日本がスペインに対して入貢を強要したり、難破したスペイン船を没収したりしたほか、キリスト教徒の弾圧、またフィリピン遠征計画が伝えられるとフィリピン政庁は日本人を弾圧、これに対し1606年と1607年の2回、日本人による反乱が起こるのです。
また、日本人で、フィリピンに渡ったことのある人で有名なのは「呂栄助左衛門」と 「高山右近」のふたりにつきます。
両者とも安土桃山時代から江戸時代初期の人ですが「呂栄助左衛門」は商人で、その 頃盛んに行われていた朱印船でルソン(フィリピン)に渡り、1593年にルソンから帰国し た際、持ち帰ったルソン壺を豊臣秀吉に差し出し、秀吉はそれをいたく喜び、他大名も それではと高額で購入、、、しかし、その中のいくつかの助左衛門所有のルソン壺を秀吉に謙譲を渋った事から(結局は秀吉が助左衛門から買い求める事になってしまう、その 関係がきしみ始め、身の危険を感じた助左衛門は、さっさとカンボジアに渡ってしまい、この地でも持って生まれた商才で成功を収めたらしいです。
「高山右近」はキリシタン大名として有名で、その影響力を最終的には秀吉も徳川家康も恐れ、1614年に家康がキリシタン禁止令・バテレン追放令を出すと、長崎の港より300人以上のクリスチャンと共にマニラに向け出港、、、苦しい航海の上、12月11日にマニラに 到着。右近一行は、歓迎の祝砲と歩兵の礼砲をもって迎えられました。
しかし、このわずか40日後に病に倒れてしまいます、、、結局1615年2月4日に63歳にしてその生涯をフィリピンの地で終える事となりました。

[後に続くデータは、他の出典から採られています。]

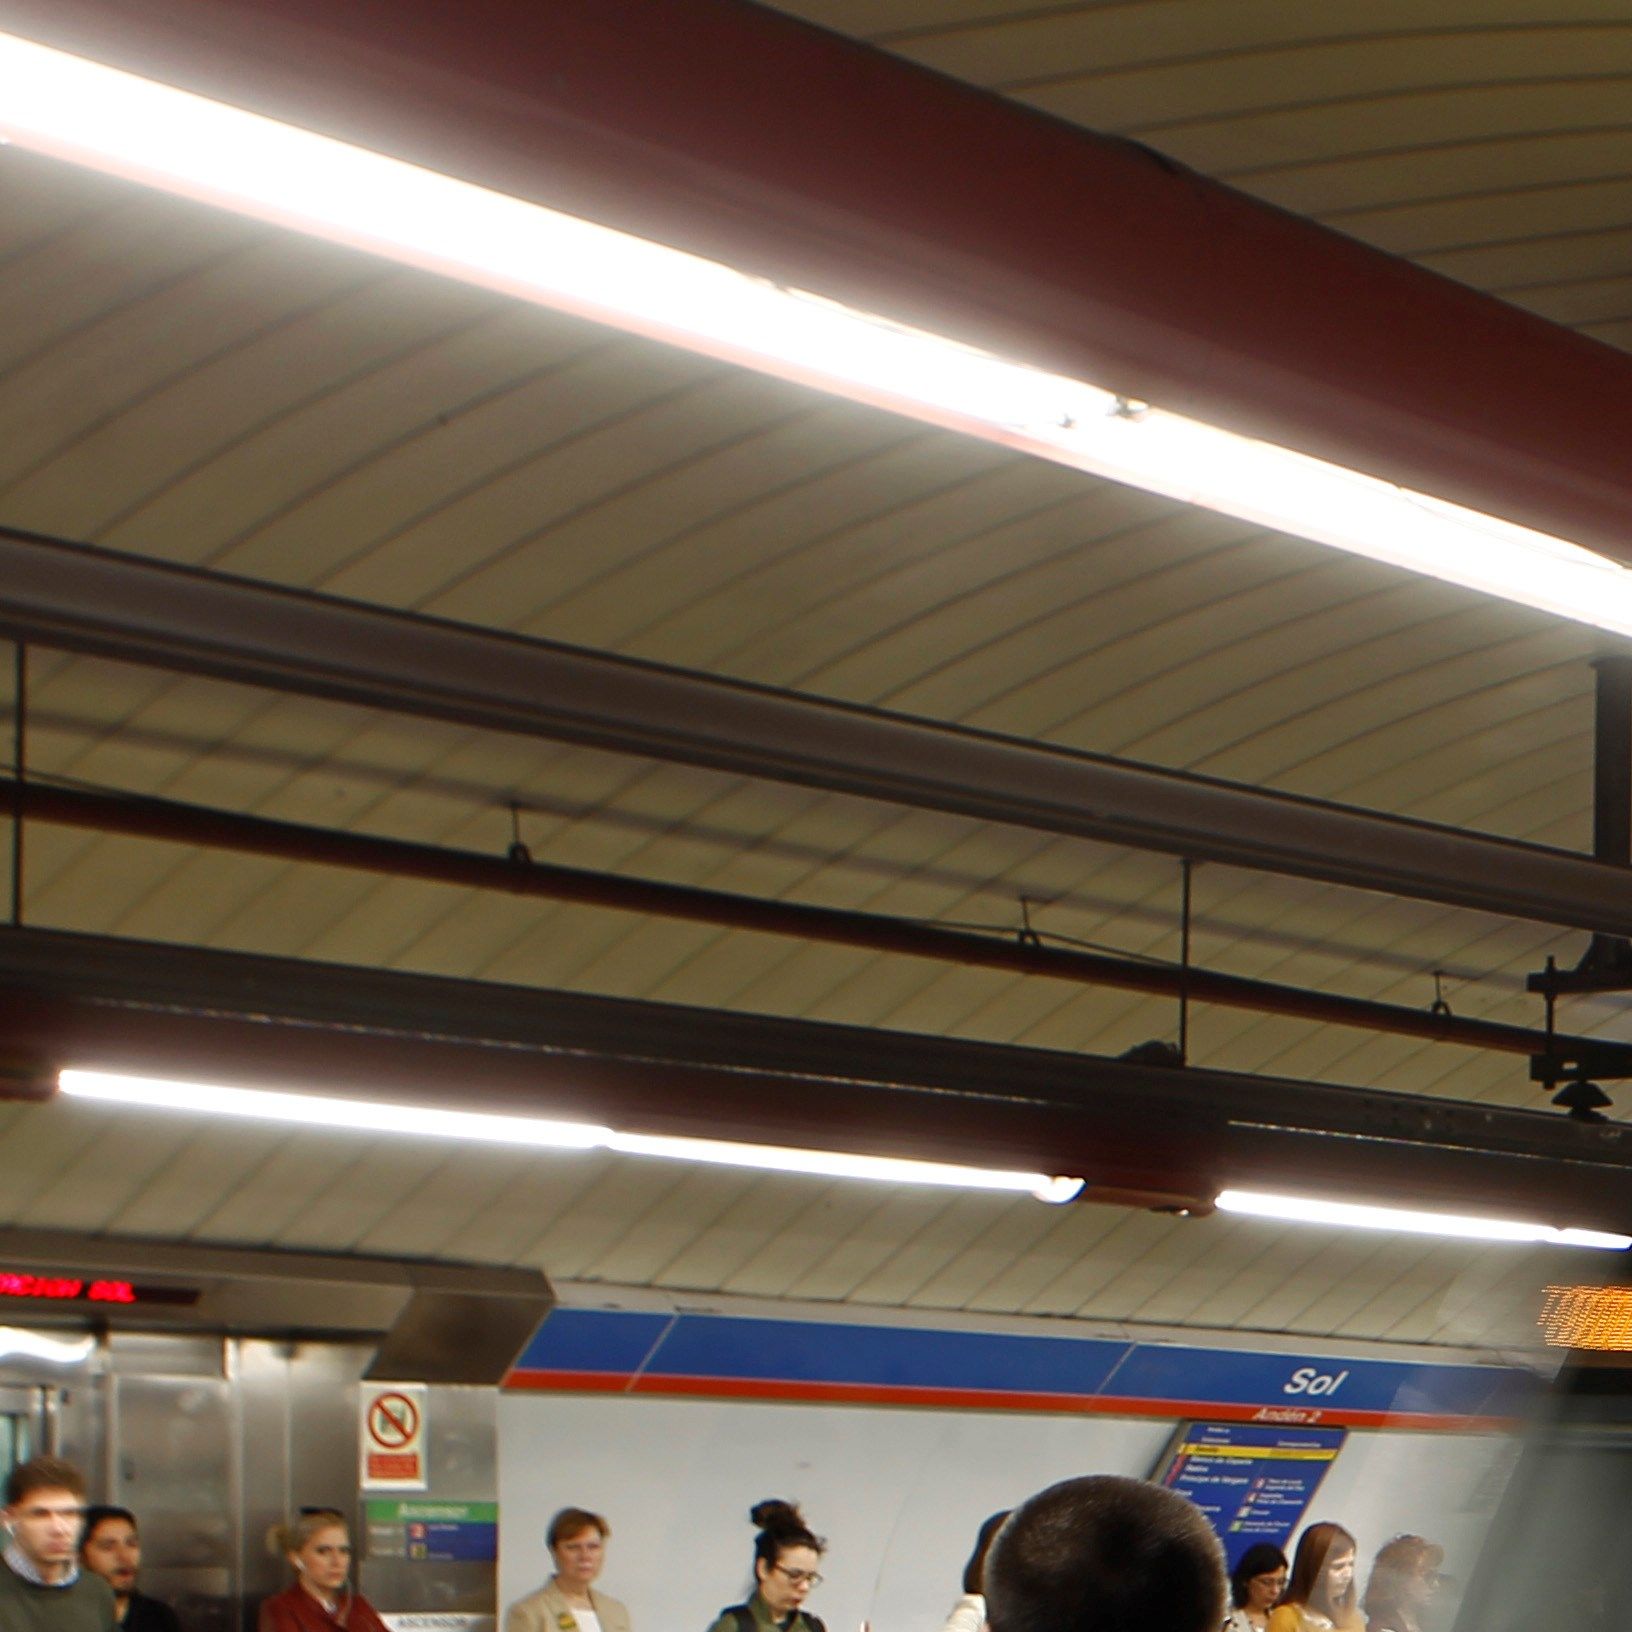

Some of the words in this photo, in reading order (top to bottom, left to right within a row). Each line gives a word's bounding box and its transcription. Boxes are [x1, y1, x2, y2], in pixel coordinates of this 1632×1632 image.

[1283, 1367, 1350, 1396] Sol
[1251, 1406, 1308, 1423] Andén
[1306, 1410, 1323, 1424] 2
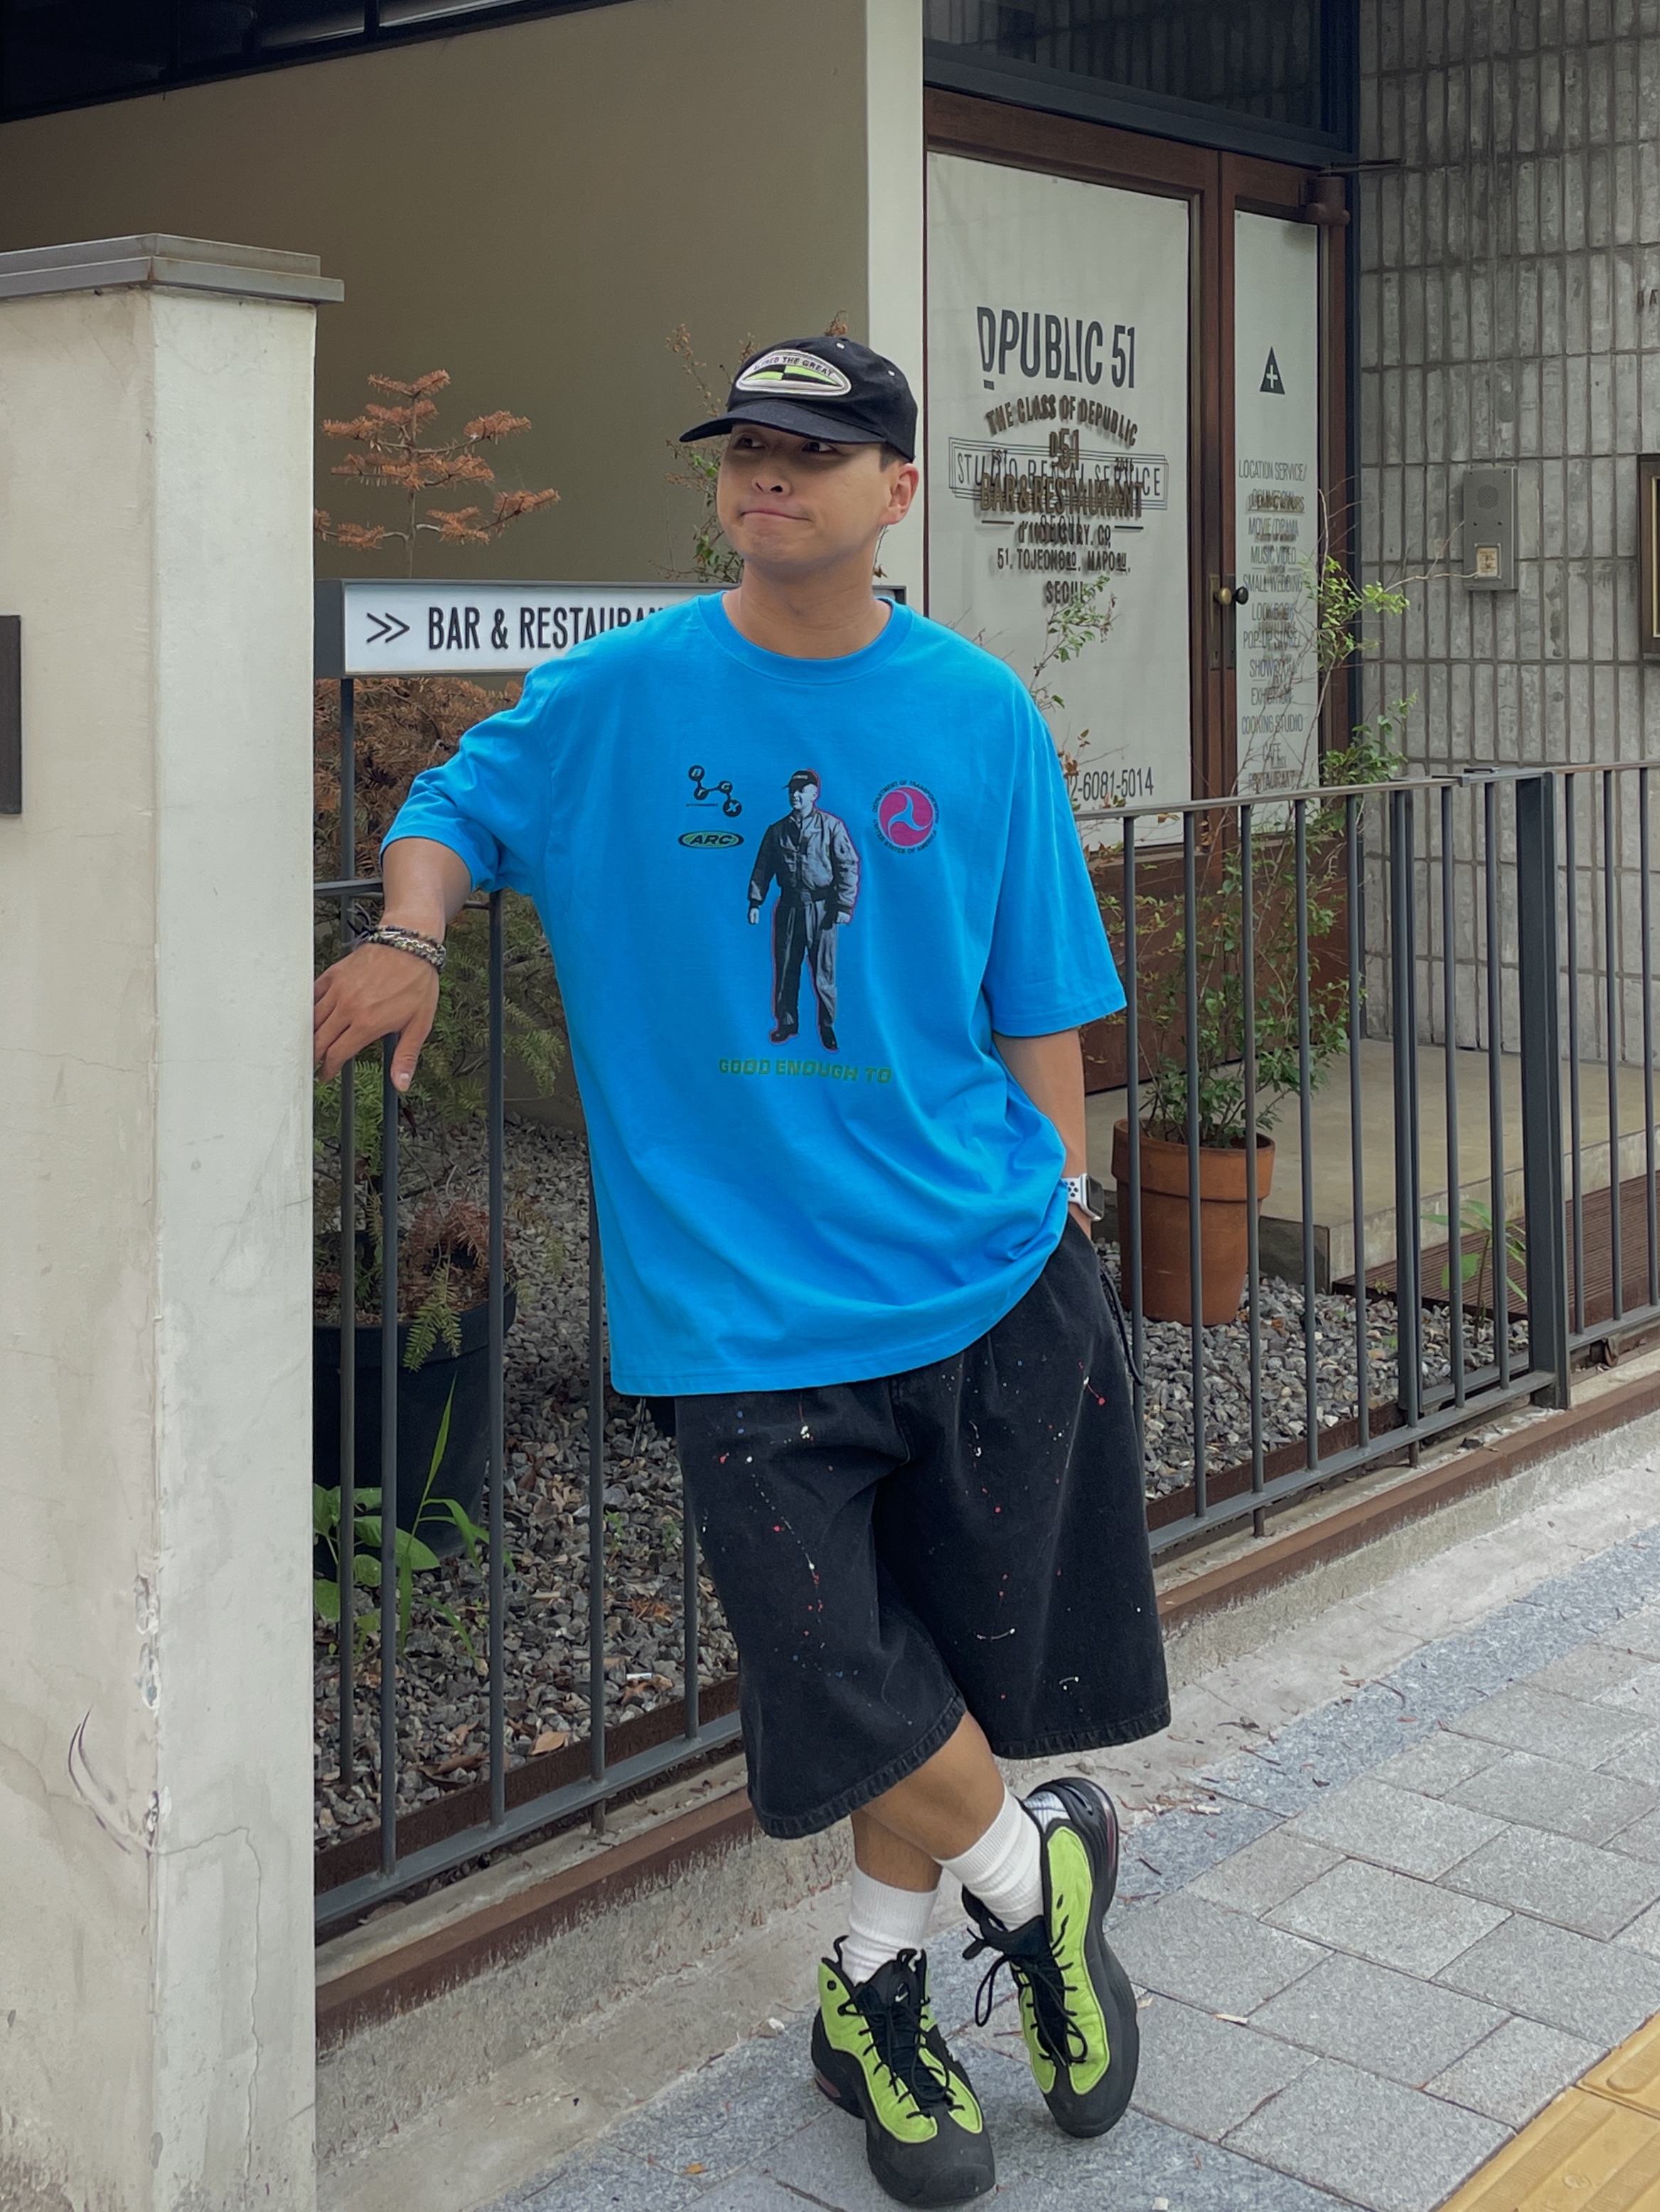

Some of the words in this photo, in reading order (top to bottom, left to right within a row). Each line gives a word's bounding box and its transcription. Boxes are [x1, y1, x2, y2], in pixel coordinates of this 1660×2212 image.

[783, 356, 800, 365] THE
[802, 360, 833, 377] GREAT
[1112, 325, 1135, 388] 51
[985, 402, 1014, 436] THE
[1017, 394, 1056, 424] CLASS
[1059, 395, 1076, 422] OF
[1078, 398, 1137, 446] DEPUBLIC
[1238, 459, 1273, 480] LOCATION
[429, 606, 481, 650] BAR
[491, 608, 509, 650] &
[520, 606, 663, 649] RESTAUR
[1242, 715, 1273, 734] COOKING
[690, 834, 733, 845] ARC
[719, 1058, 771, 1075] GOOD
[775, 1060, 858, 1081] ENOUGH
[864, 1067, 892, 1083] TO

<ちなみに現在のマニラではプラザテラオ 比日友好公園に、比日国民の友好と協力のシンボルとしてモニュメントが建立されました。この計画はマニラ市長ラモンロバガチン氏の創設になるマニラ市美化婦人委員会が提唱し、マニラ市並びに日本の東南アジア文化友好協会高槻市建立支援実効委員会経済同友会日本のカトリック、プロテスタント両教会の協同の業として完成したのです。>
この頃には、マニラには300人ほどの日本人がいたらしいですが、秀吉や家康のフィリピンに対する要求(貢物をするように等の)に対して、その当時のフィリピン総督はマニラ在住の日本人を、マニラ郊外に強制移住させてしまいます。
それに対して1607年、不満を持った日本人はスペイン当局に対して武器を持って反乱を起こしますがあえなく敗退してしまいます。